A Gluten-Free Blog for the Taste Full World

Teaser for “Go Ahead Honey”– Quick & spicy comfort soup January 27, 2010

I will still take submissions for “Go Ahead Honey, It’s Gluten Free” through tomorrow and will post everything by Sunday.

It may not be snowing here, and the rain storms have passed, but it’s still chilly outside. I am cozying up with a cup of the soup I made for my submission this month. What is it? You’ll find out this weekend. In the mean time, I have a quick, but impressive recipe that heats up well and stretches out a box of pre-made soup.

Creamy Spicy Butternut Squash Soup

1 part boxed butternut squash soup from Trader Joe’s (or your equivilent favorite)

1 part milk and/or cream (depending on your desired thickness and fat content)
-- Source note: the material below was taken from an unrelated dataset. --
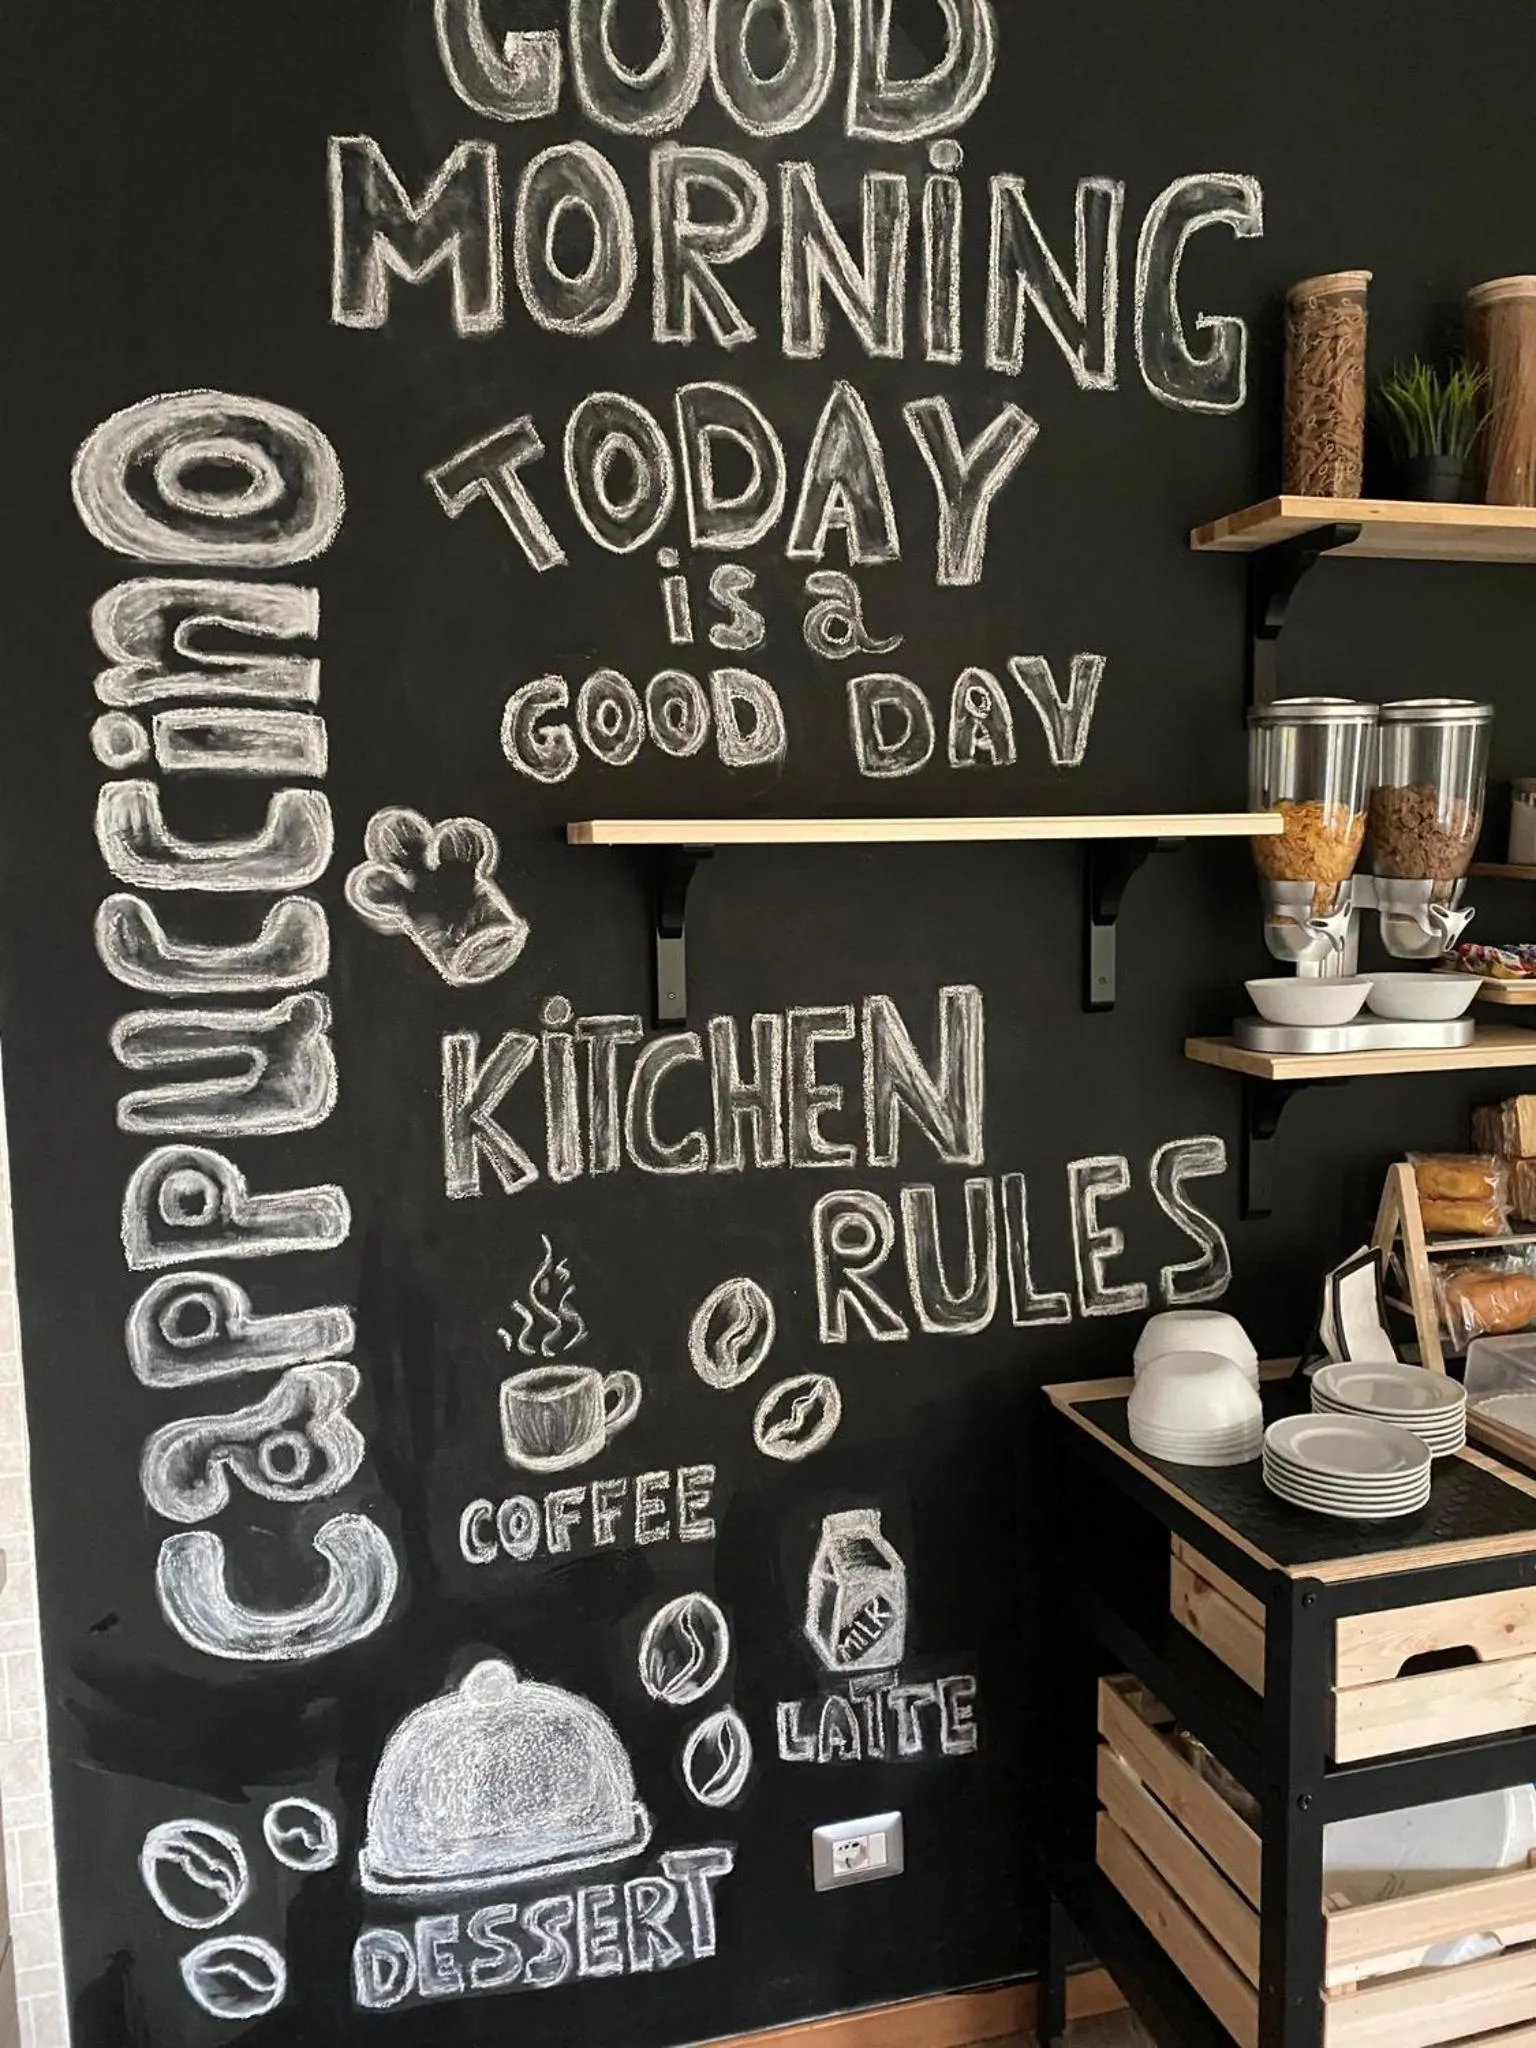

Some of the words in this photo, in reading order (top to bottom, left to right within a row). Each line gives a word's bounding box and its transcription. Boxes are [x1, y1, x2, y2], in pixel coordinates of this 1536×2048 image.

Tabasco/southwestern hot sauce of your preference (I used Tapatio’s, but use what you like)

Mix and heat.

I use this recipe as a way to double what I get out of the prepared soups which can be on the expensive end if you’re buying one that’s wheat and sugar (i.e. corn syrup) free.  It’s easy, it’s quick, hot, filling, delicious and fairly healthy. Plus, if the boxed soup is good (and TJ’s version is), this will taste like you picked, peeled and roasted the squash yourself.

Come back this weekend for the unveiling of some fantastic soups and stews!
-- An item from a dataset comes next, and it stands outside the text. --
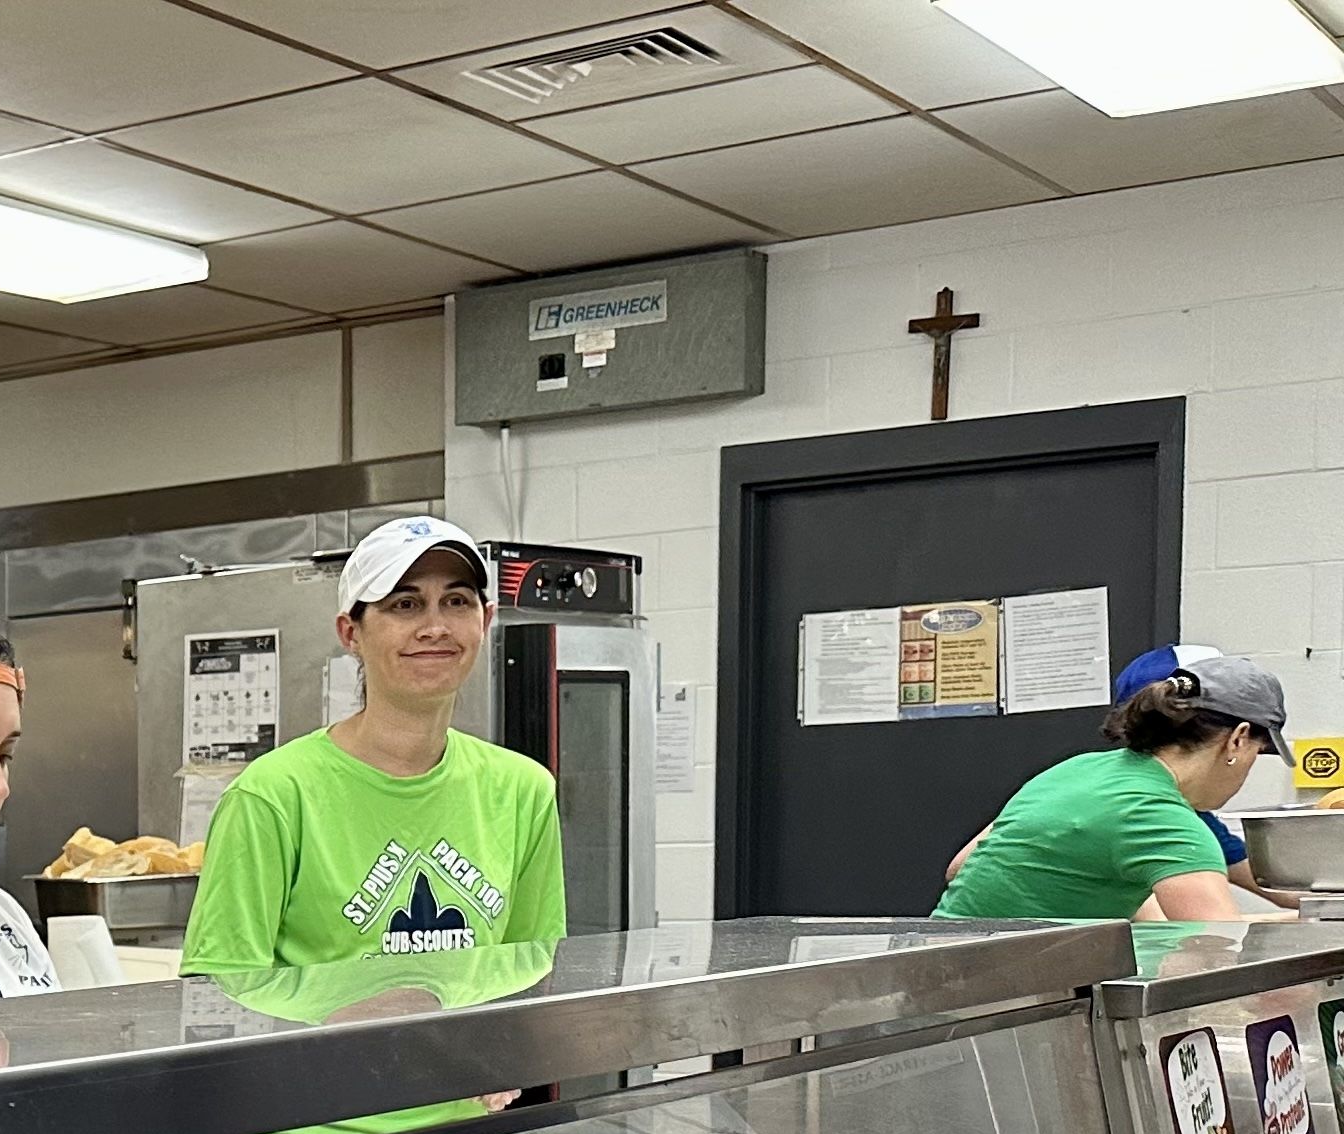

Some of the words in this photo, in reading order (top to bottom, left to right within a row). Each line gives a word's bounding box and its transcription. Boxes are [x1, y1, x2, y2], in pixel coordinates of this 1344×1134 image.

Crockpot bangers and unmash January 26, 2010

Bangers and mash is a dish of mashed potatoes and sausages served for breakfast in England and possibly other places.  All I know is that potatoes and sausage belong together- preferably with some onions for company. Mashed potatoes are too much work for every day, so I usually just dice and pan frymy potatoes.

So when I found a couple recipes for making this delicious combination of starch and protein in a crockpot, my mouth began watering. I can make breakfast while I sleep? whoo hoo!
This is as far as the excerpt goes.